[Opening Data for the task section]
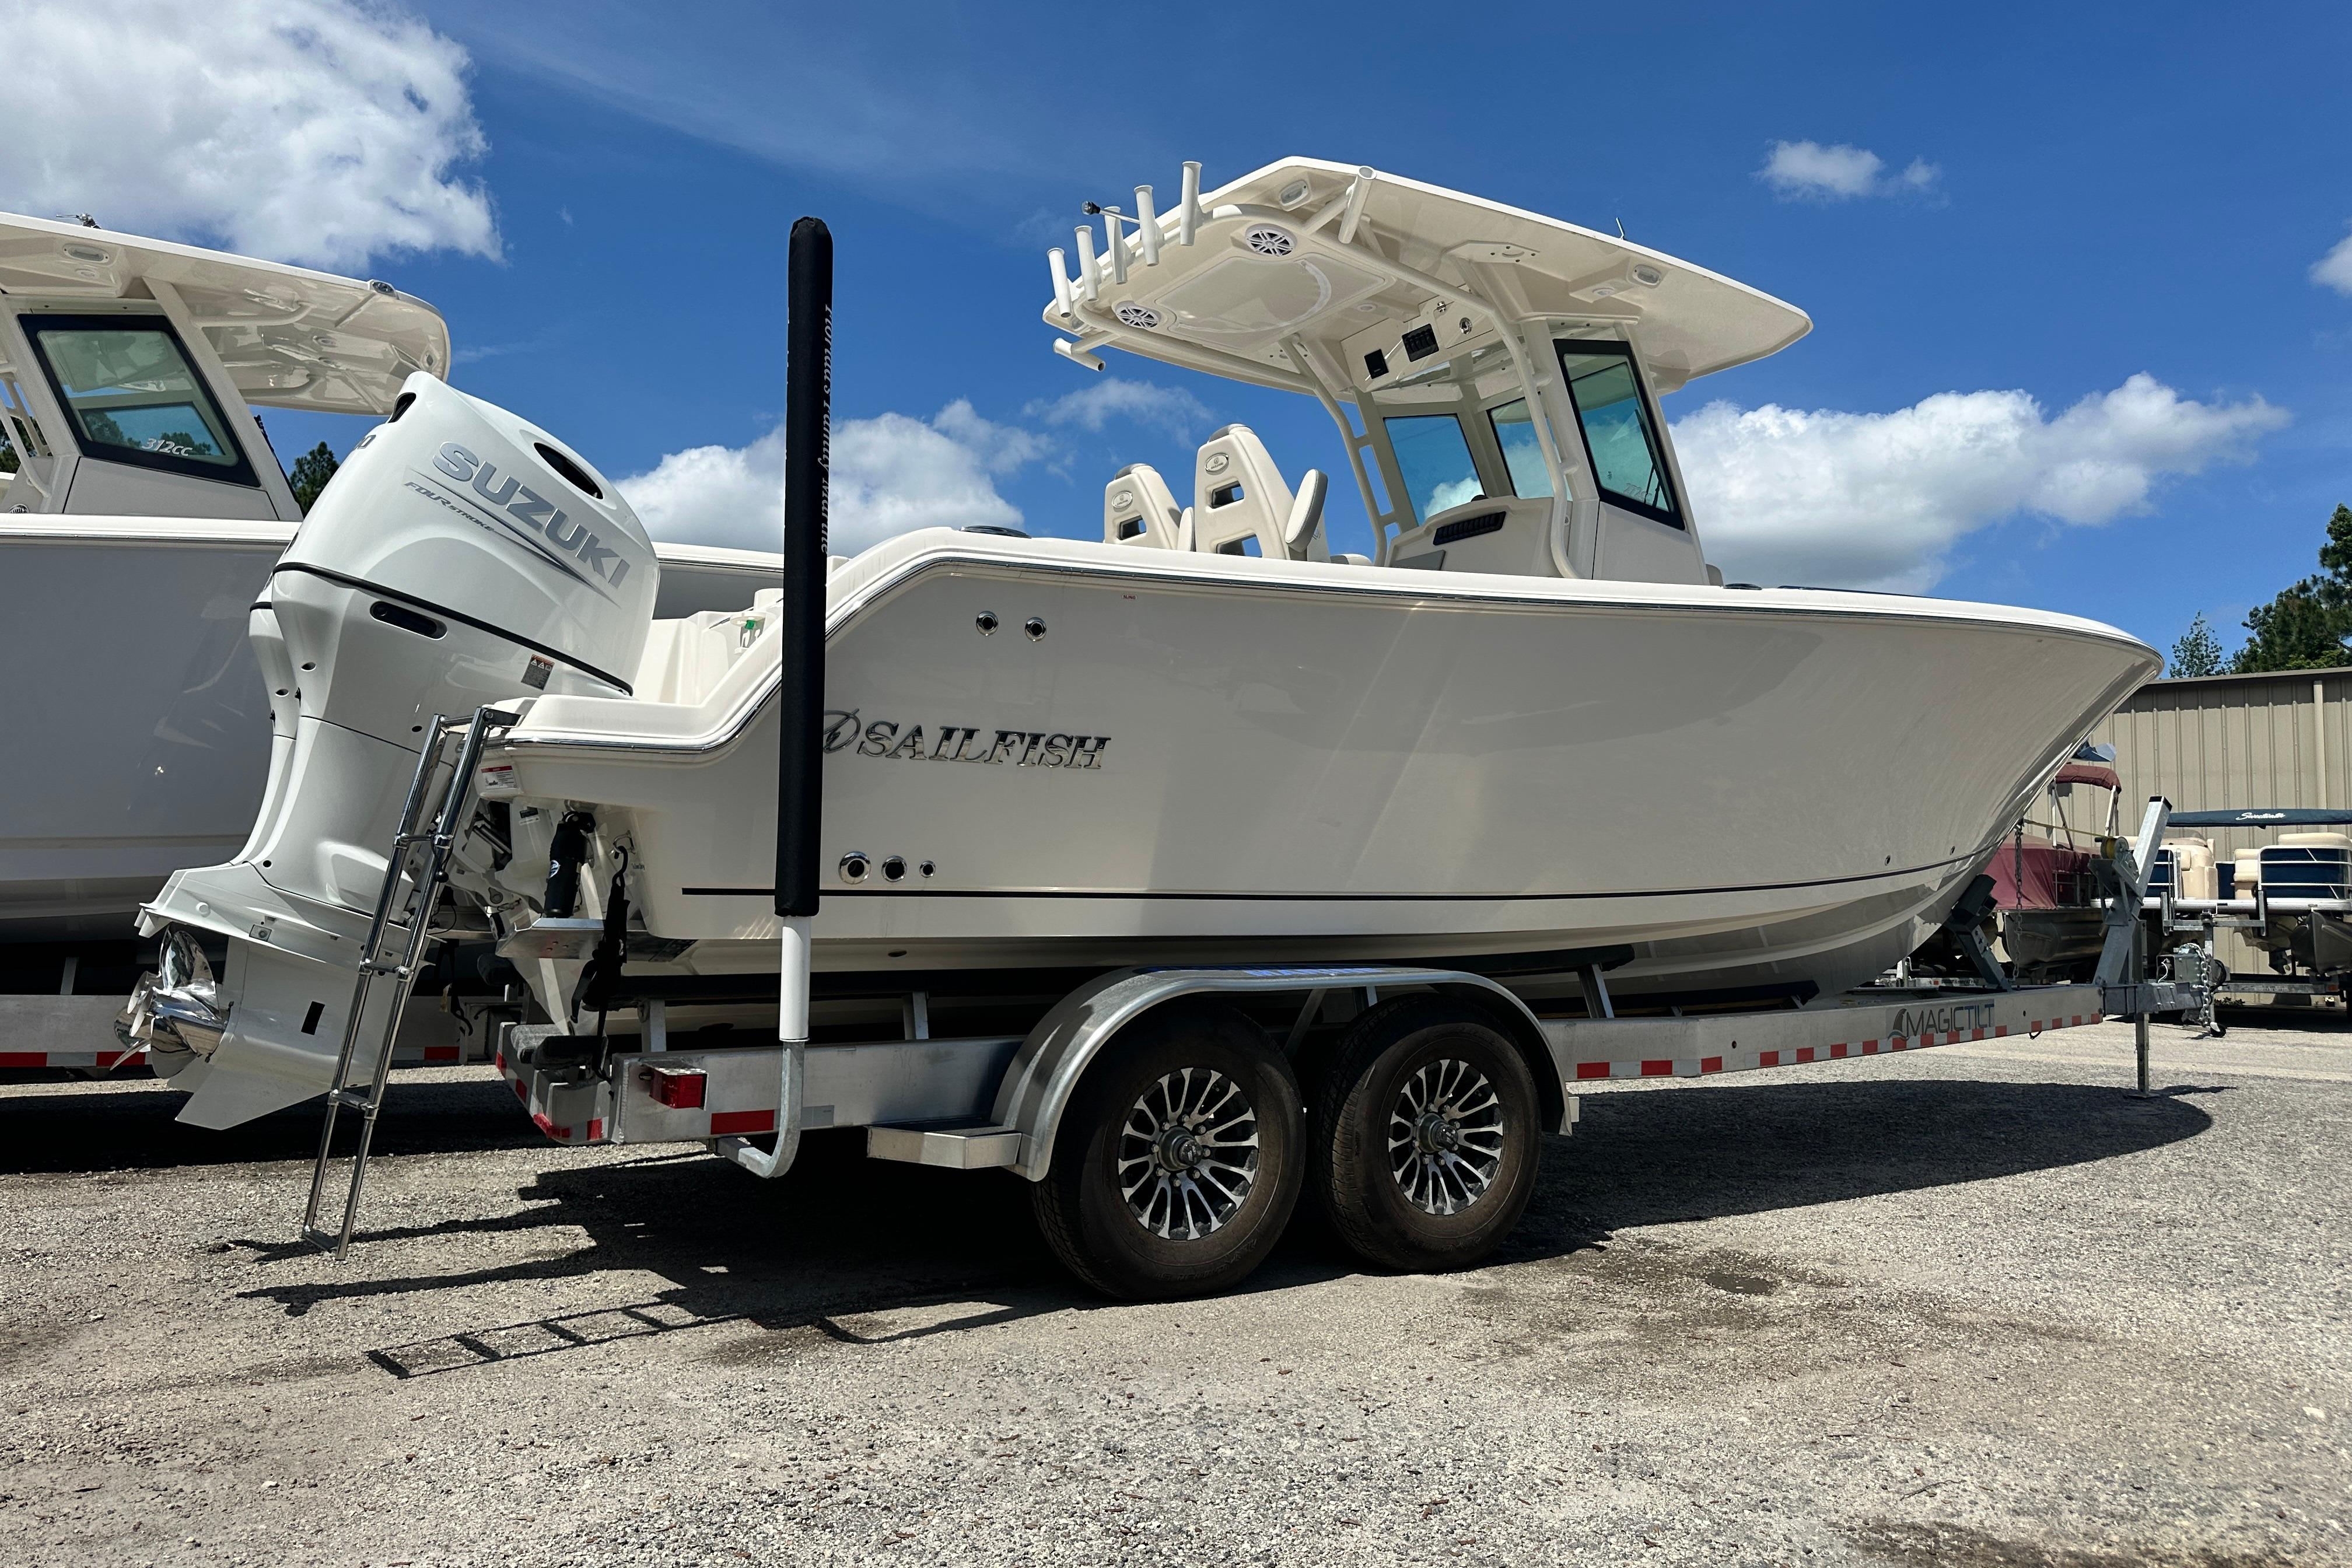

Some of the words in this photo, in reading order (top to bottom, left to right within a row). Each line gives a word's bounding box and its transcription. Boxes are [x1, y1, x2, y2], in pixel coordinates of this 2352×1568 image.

[404, 482, 452, 506] FOUR
[449, 505, 495, 531] STROKE
[432, 442, 630, 589] SUZUKI
[857, 720, 1112, 769] SAILFISH
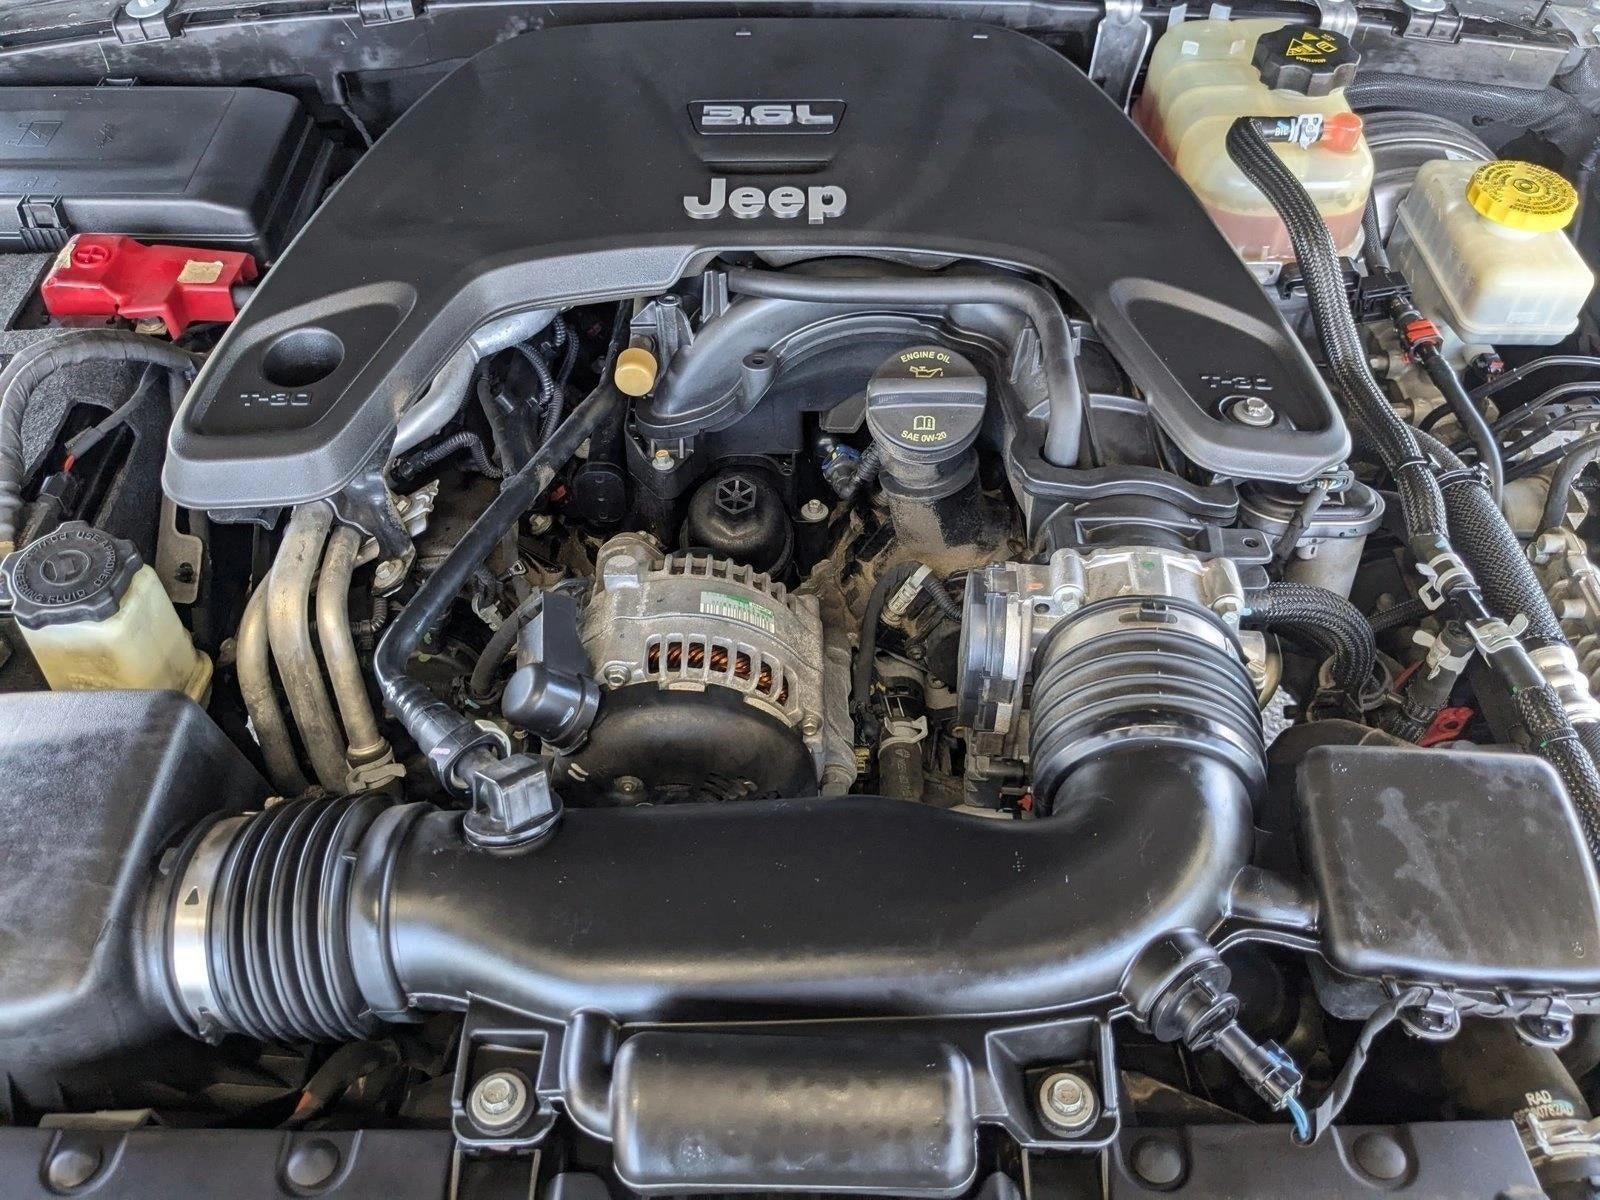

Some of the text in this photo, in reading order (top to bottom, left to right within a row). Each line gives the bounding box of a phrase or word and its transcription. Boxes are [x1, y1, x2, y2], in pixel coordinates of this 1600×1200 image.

[701, 104, 834, 126] 3.6L
[683, 178, 847, 225] Jeep
[900, 351, 952, 364] ENGINE OIL
[901, 430, 947, 442] SAE 0W-20
[76, 531, 118, 587] USE APPROVED
[15, 561, 45, 603] STEERING
[47, 588, 86, 605] FLUID
[1525, 1089, 1552, 1106] RAD
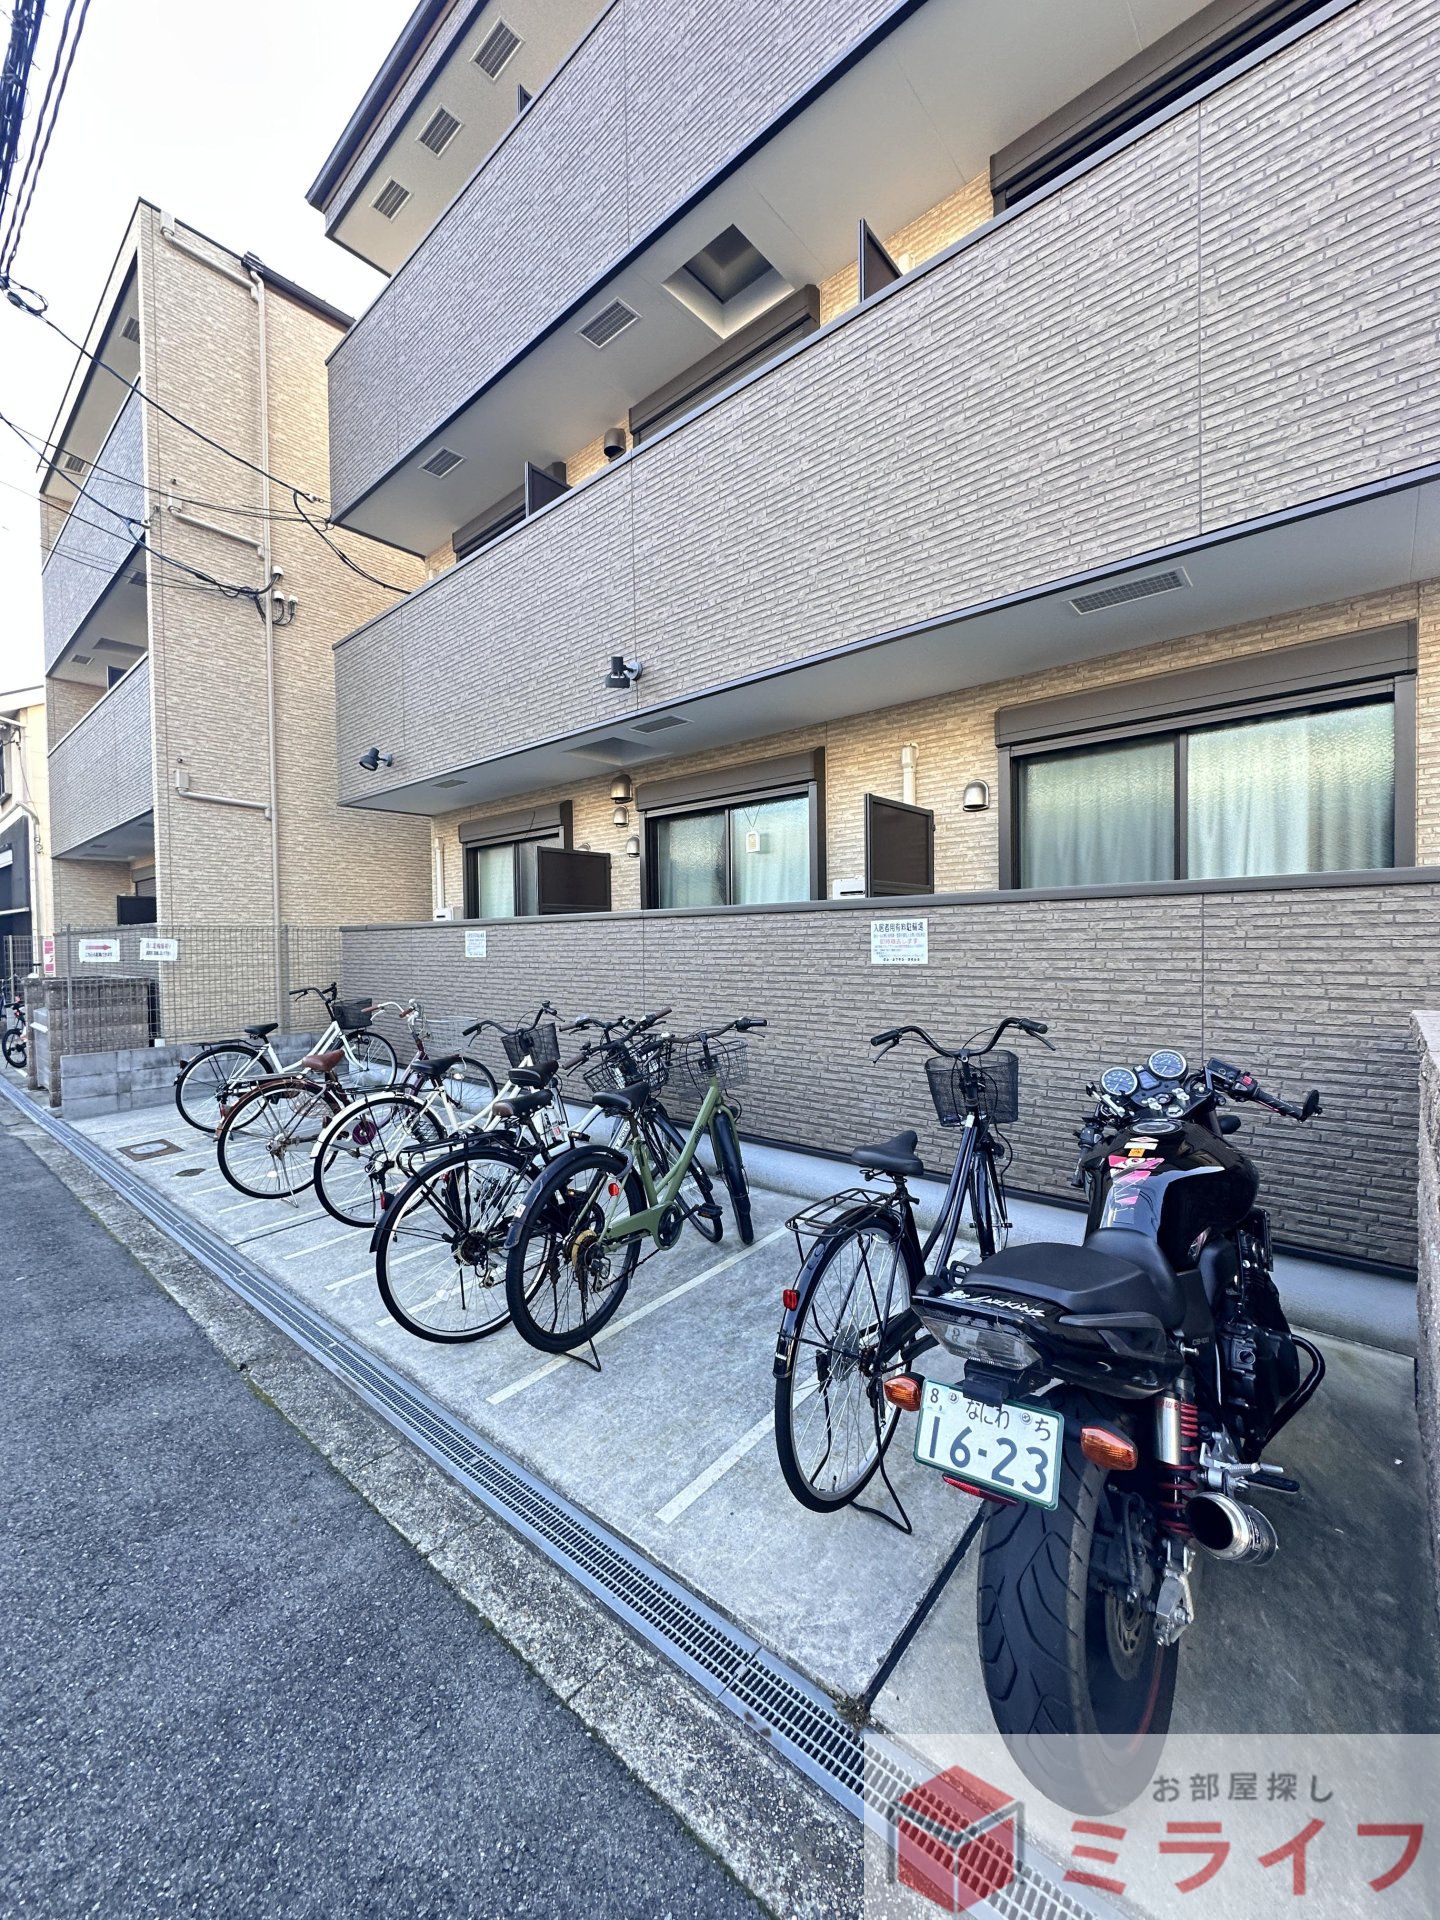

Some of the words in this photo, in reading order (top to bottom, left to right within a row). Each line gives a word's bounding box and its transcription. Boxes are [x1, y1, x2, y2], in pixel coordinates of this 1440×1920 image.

[930, 1387, 939, 1404] 8
[966, 1400, 1010, 1430] なにわ
[1034, 1417, 1051, 1442] ち
[929, 1416, 1049, 1495] 16-23
[Closing Data for the task section]
Task to carry out :: Only one stretch of the data is wanted: the lines from the one with "this 1440×1920 image." through the last, repeated exactly.

Written response ::
Some of the words in this photo, in reading order (top to bottom, left to right within a row). Each line gives a word's bounding box and its transcription. Boxes are [x1, y1, x2, y2], in pixel coordinates of this 1440×1920 image.

[930, 1387, 939, 1404] 8
[966, 1400, 1010, 1430] なにわ
[1034, 1417, 1051, 1442] ち
[929, 1416, 1049, 1495] 16-23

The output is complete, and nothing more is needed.